Bacteria and virus removal in denitrifying bioreactors: Effects of media type and age

Abstract

Denitrifying bioreactors are simple, low-cost ecotechnologies designed to reduce nitrate (NO3−) present in septic tank effluent and drainage water. Recent studies indicate that, in addition to significant reduction in NO3− loads, these systems are also able to remove microbial contaminants from municipal wastewater. However, the removal of microbial contaminants in denitrifying bioreactors remains poorly characterised and factors that control removal in denitrifying bioreactors remain unexplored. In this study, the removal efficiency of faecal indicator bacteria Escherichia coli (E. coli) and total coliforms (TC) as a model for bacterial pathogens and F-specific RNA bacteriophage (FRNA bacteriophage) as a model for viruses was assessed for mesocosm-scale (∼700 L) bioreactors receiving municipal wastewater. Systems were filled with two different slow-release carbon sources: woodchip and coconut husk. The effect of media age on attenuation of microbial contaminants was assessed by comparing the performance of 8-year old systems with equivalent newly constructed woodchip and coconut husk bioreactors. Additionally, removal performance of these carbon substrates was compared to that of gravel, a non-carbon substrate commonly used in subsurface flow (SSF) constructed wetlands.

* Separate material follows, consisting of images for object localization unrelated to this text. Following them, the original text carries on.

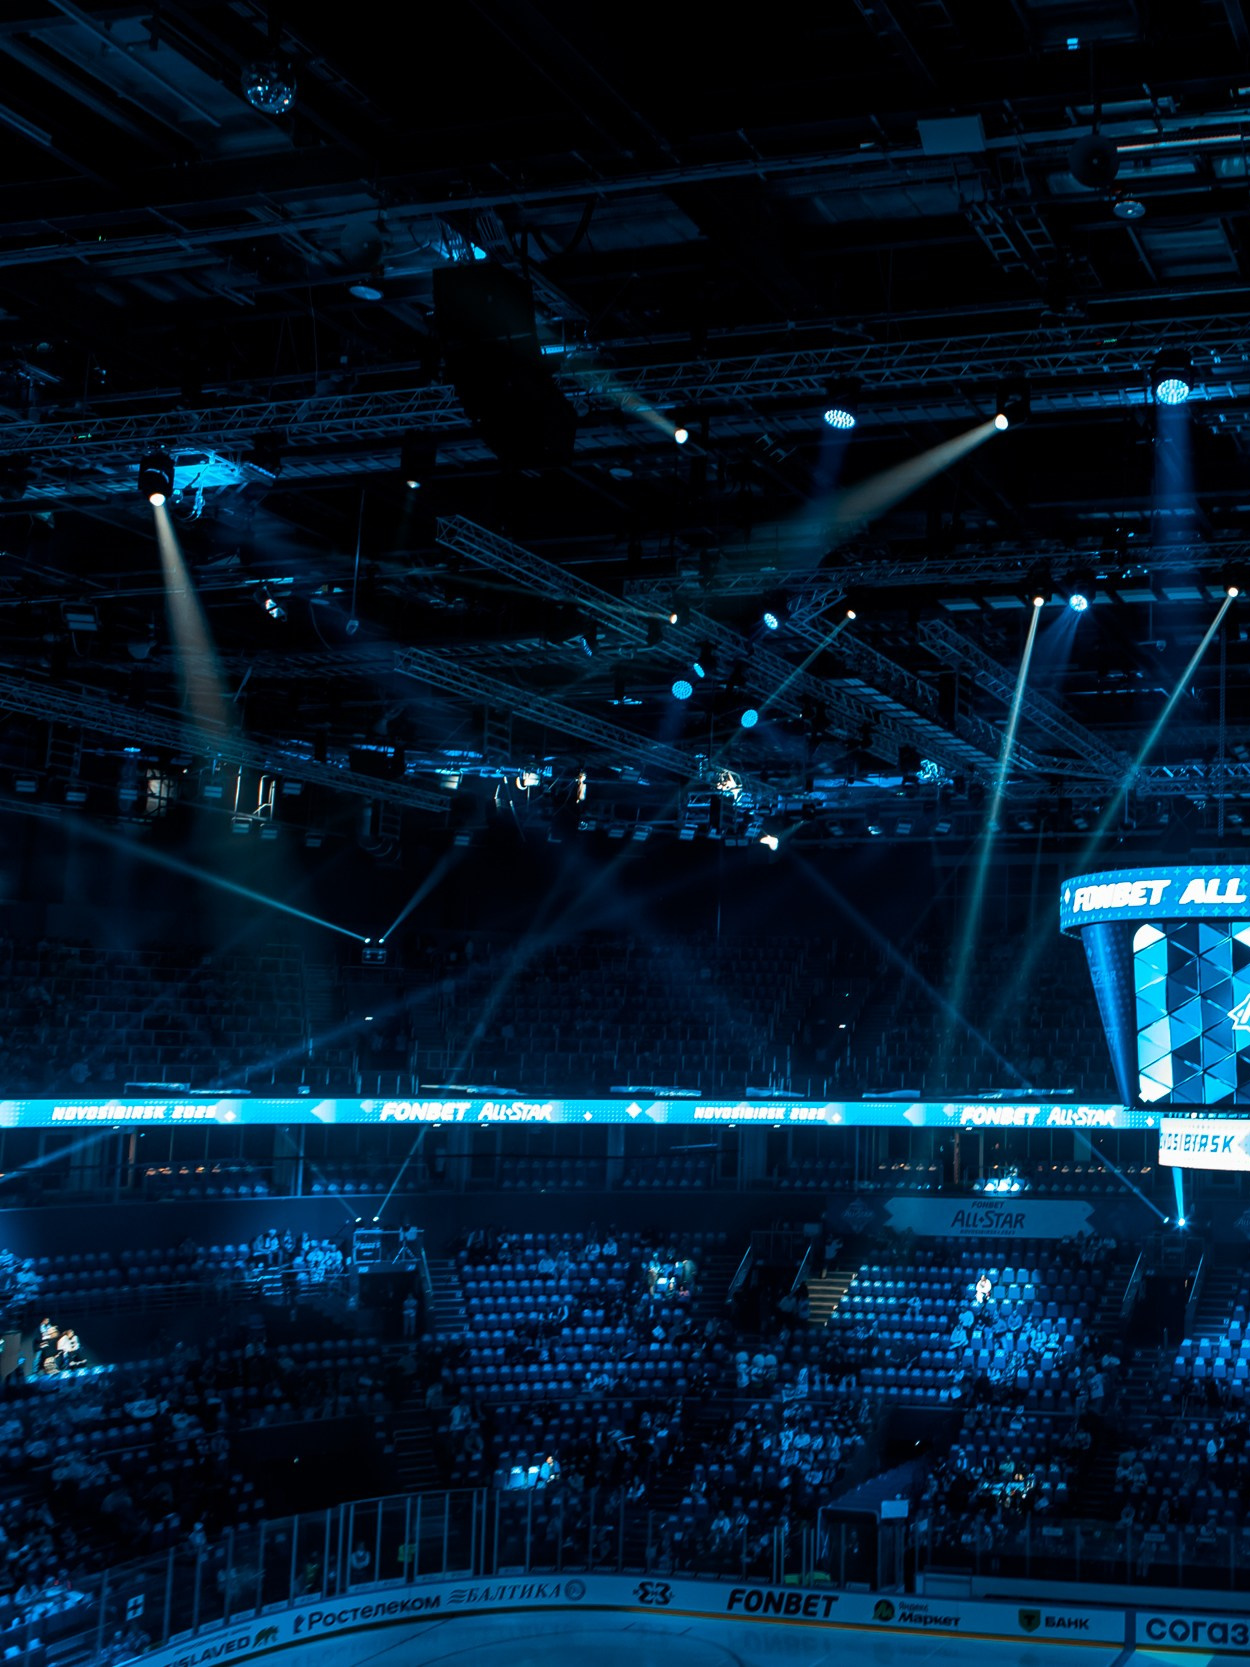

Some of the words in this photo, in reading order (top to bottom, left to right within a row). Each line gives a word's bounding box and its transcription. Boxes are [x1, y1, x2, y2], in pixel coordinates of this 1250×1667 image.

[1073, 880, 1171, 913] FONBET
[1179, 878, 1246, 904] ALL
[51, 1105, 167, 1121] NOVOSIBIRSK
[172, 1105, 218, 1119] 2025
[380, 1101, 471, 1121] FONBET
[693, 1106, 785, 1120] NOVOSIBIRSK
[789, 1107, 826, 1121] 2025
[960, 1106, 1040, 1125] FONBET
[466, 1583, 561, 1603] БАЛТИКА
[307, 1595, 441, 1631] Ростелеком
[727, 1589, 839, 1618] FONBET
[898, 1612, 961, 1627] Маркет
[1045, 1616, 1090, 1630] БАНК
[163, 1635, 250, 1667] SLAVED
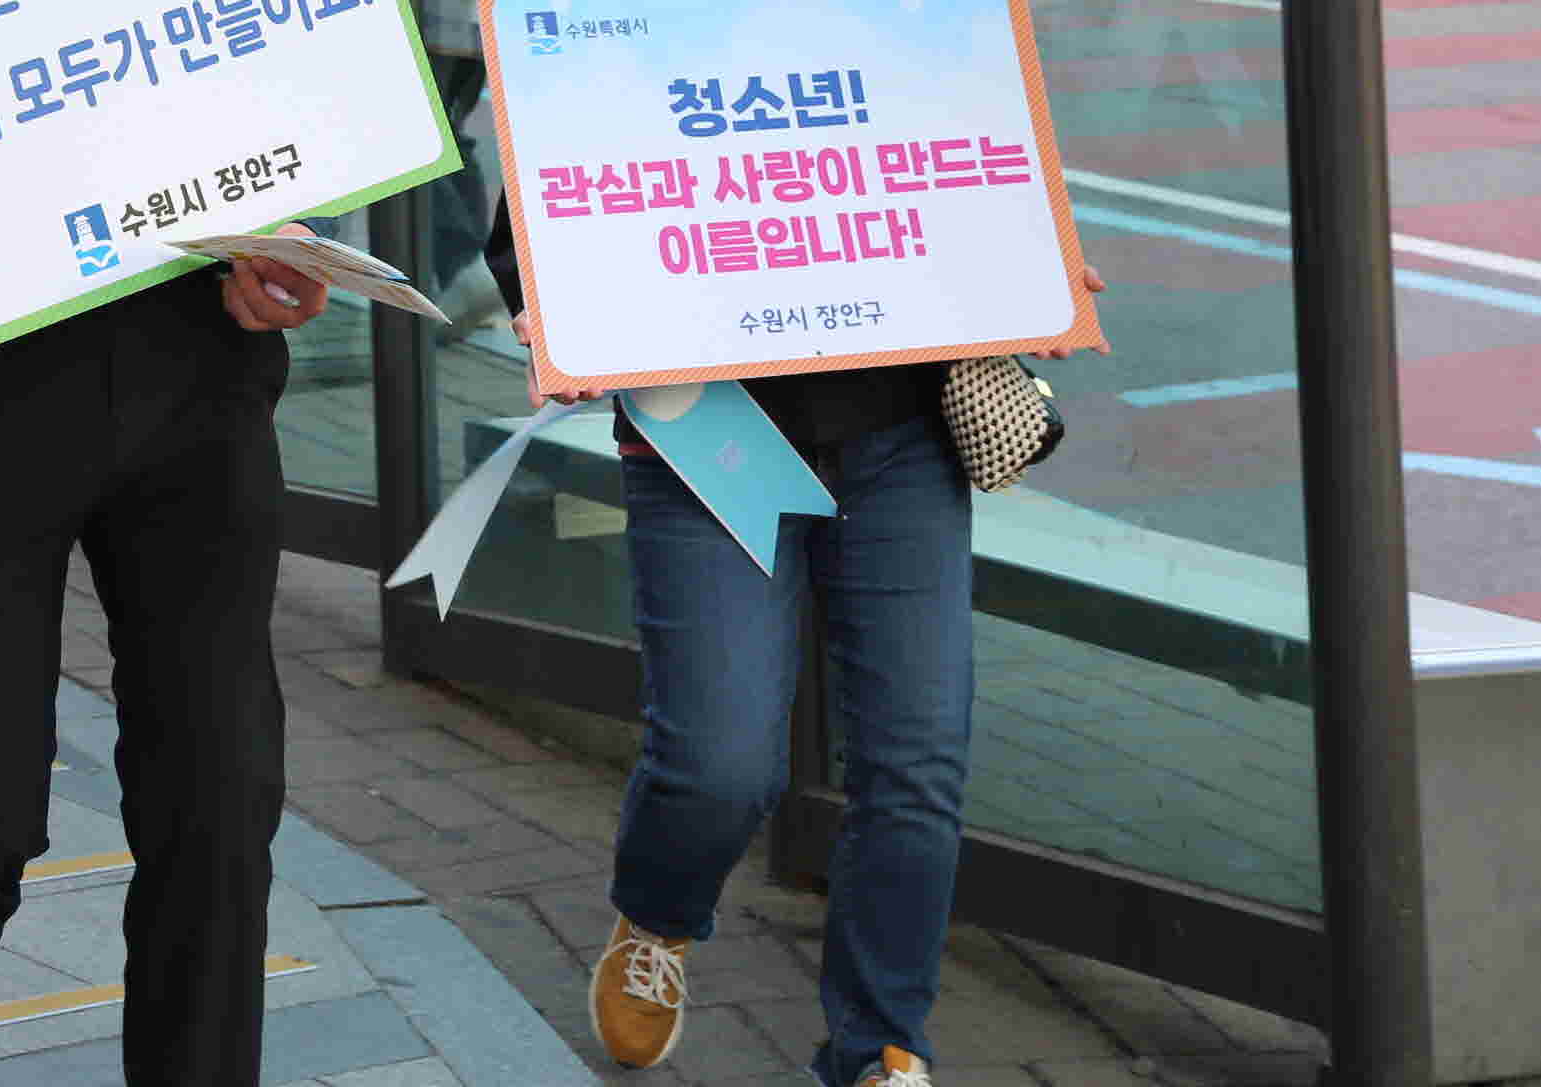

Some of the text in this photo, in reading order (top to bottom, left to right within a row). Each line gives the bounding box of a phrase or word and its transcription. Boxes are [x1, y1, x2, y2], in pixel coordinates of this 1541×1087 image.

Substantial reduction of E. coli, TC and FRNA bacteriophage from primary treated municipal wastewater was achieved in all bioreactors. Mean annual log10 removal efficiencies were similar between microbial indicators ranging from 1.4 to 1.9 for TC, 1.3 to 1.8 for E. coli and 1.3 to 2.0 for FRNA bacteriophage. All denitrifying bioreactors showed consistent year-round performance and long-term performance which did not markedly change in the ninth year of operation. The woodchip or coconut husk bioreactors achieved microbial effluent quality within the same range of log10 removal rates achieved in gravel-based systems. This suggests that denitrifying bioreactors, as well as reducing N loads, can effectively reduce microbial contaminants in wastewater, providing a complimentary disinfection role. Further research is needed to increase understanding of factors affecting removal of microbial contaminants in denitrifying bioreactors to support design of these systems for microbial contaminant removal.